The mansion commissioned for the site was a plain two-story Italianate villa designed by architect John Warren Ritch of New York. Construction began in December 1852 and completed in the autumn of 1853.

In 1888, Thomas Suckley's son Robert Bowne Suckley and his wife, Elizabeth Philips Montgomery, undertook a remodelling and enlargement of the house. This work was carried out by the architect Arnout Cannon of Poughkeepsie. The style of the mansion was changed to the eclectic Queen Anne style. A third floor, a multi-gabled attic, a circular five-storey tower, a porte-cochère, and a verandah were added in the process. The new interior of the building was designed by Joseph Burr Tiffany, a cousin of Louis Comfort Tiffany. The rooms of ground floor were done in the Aesthetic Movement style using materials such as use mahogany, leather, stained glass, and linen.

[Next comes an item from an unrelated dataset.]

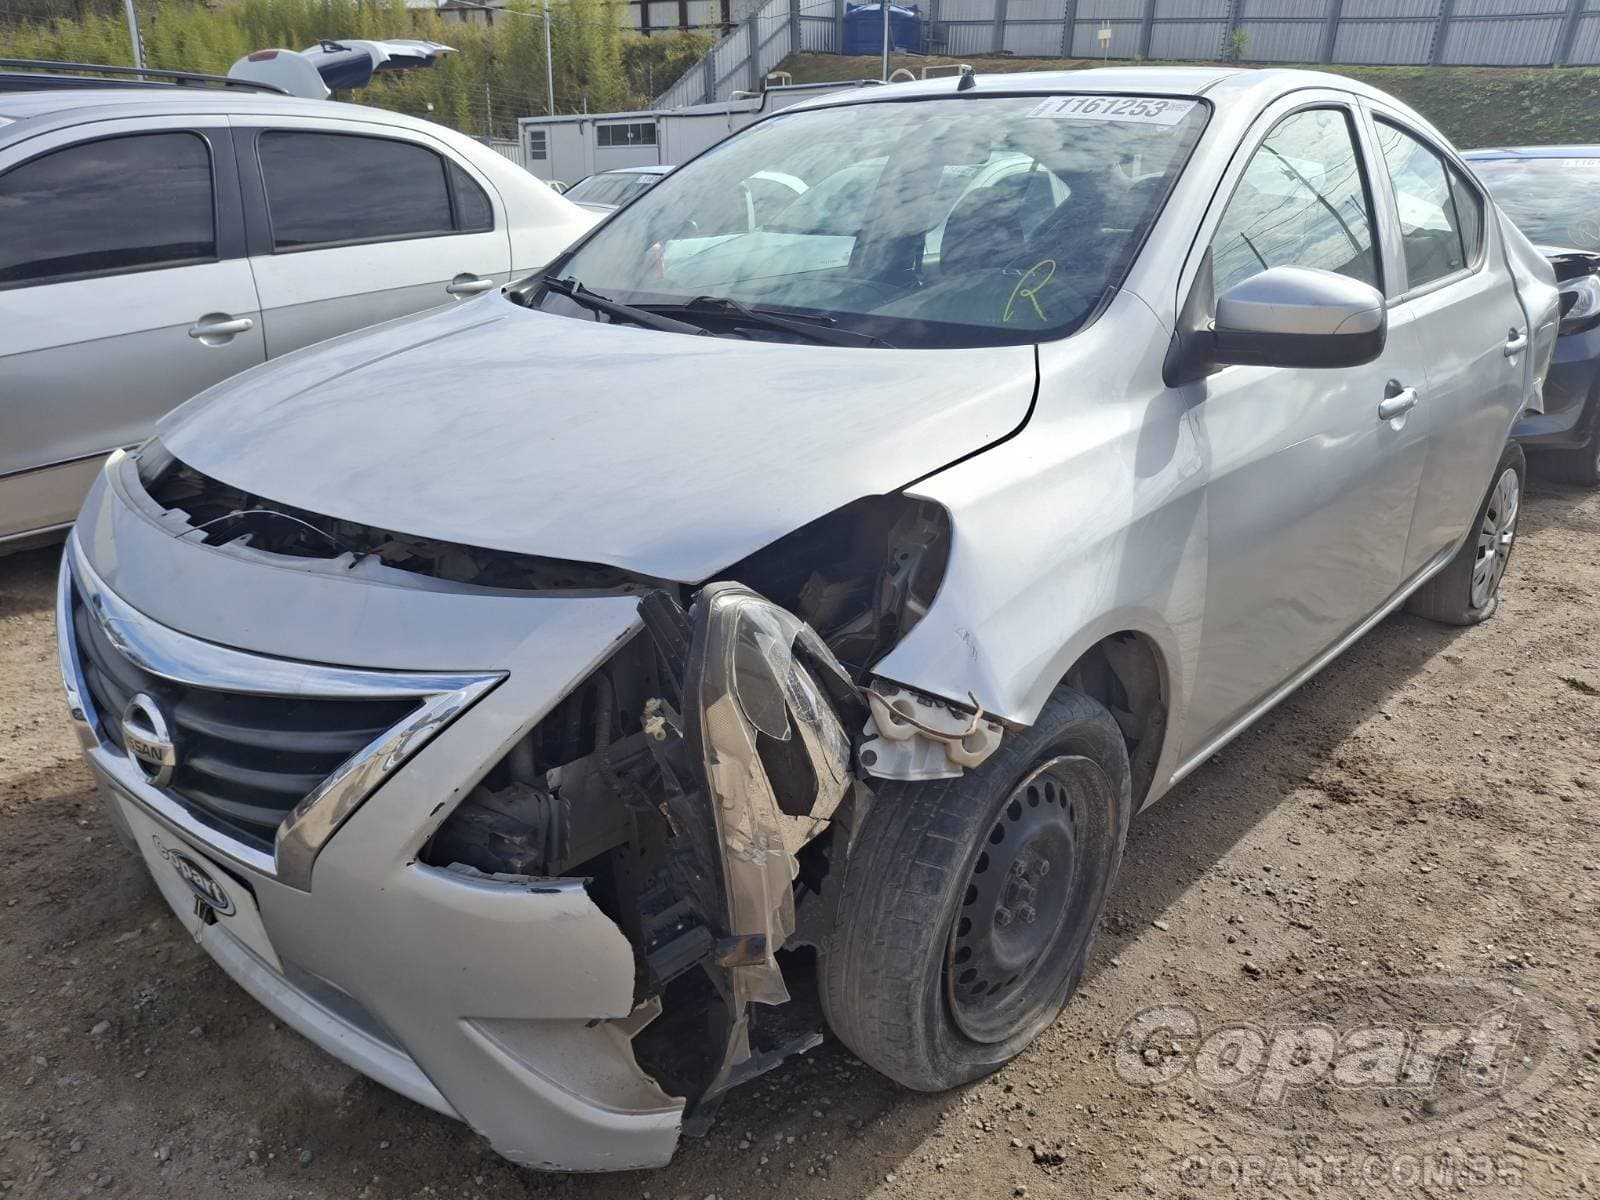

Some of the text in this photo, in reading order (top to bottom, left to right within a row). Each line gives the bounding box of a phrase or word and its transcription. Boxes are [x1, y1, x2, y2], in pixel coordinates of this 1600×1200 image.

[1055, 97, 1169, 117] 1161253
[1003, 259, 1056, 322] R
[152, 834, 225, 906] Copart

In parallel to the redesign of the mansion proper, the grounds of the estate were transformed by landscape architect Calvert Vaux according to the American Romantic Landscape style. Vaux's design comprised the creation of a network of drives and trails, the positioning of specimen trees and ornamental shrubs as well as the placement of an eclectic set of out buildings such as a carriage house, a gate lodge, and a potting shed. Gazebos and garden seats were positioned at carefully chosen vantage points.

==Preservation==
Daisy Suckley was instrumental in forming Wilderstein Preservation, a private non-profit organization. She opened the house to the public at Christmas 1984. The society is a recognized charity by the IRS; donations are tax deductible. Although little restoration work was carried out during her lifetime, responsible stewardship is becoming the norm now that concerned parties are supplying funds. For example, the tower was renovated in 1994, the main roof replaced in 1997, the siding on the second and third floor was restored in 2001, repairs on the porte-cochere and the north porch in 2002, and restoration work on the verandah in 2006.

==Location==
The address of the mansion is 330 Morton Road, Rhinebeck, NY 12572, New York. It is a contributing property to the Hudson River Historic District and a National Historic Landmark.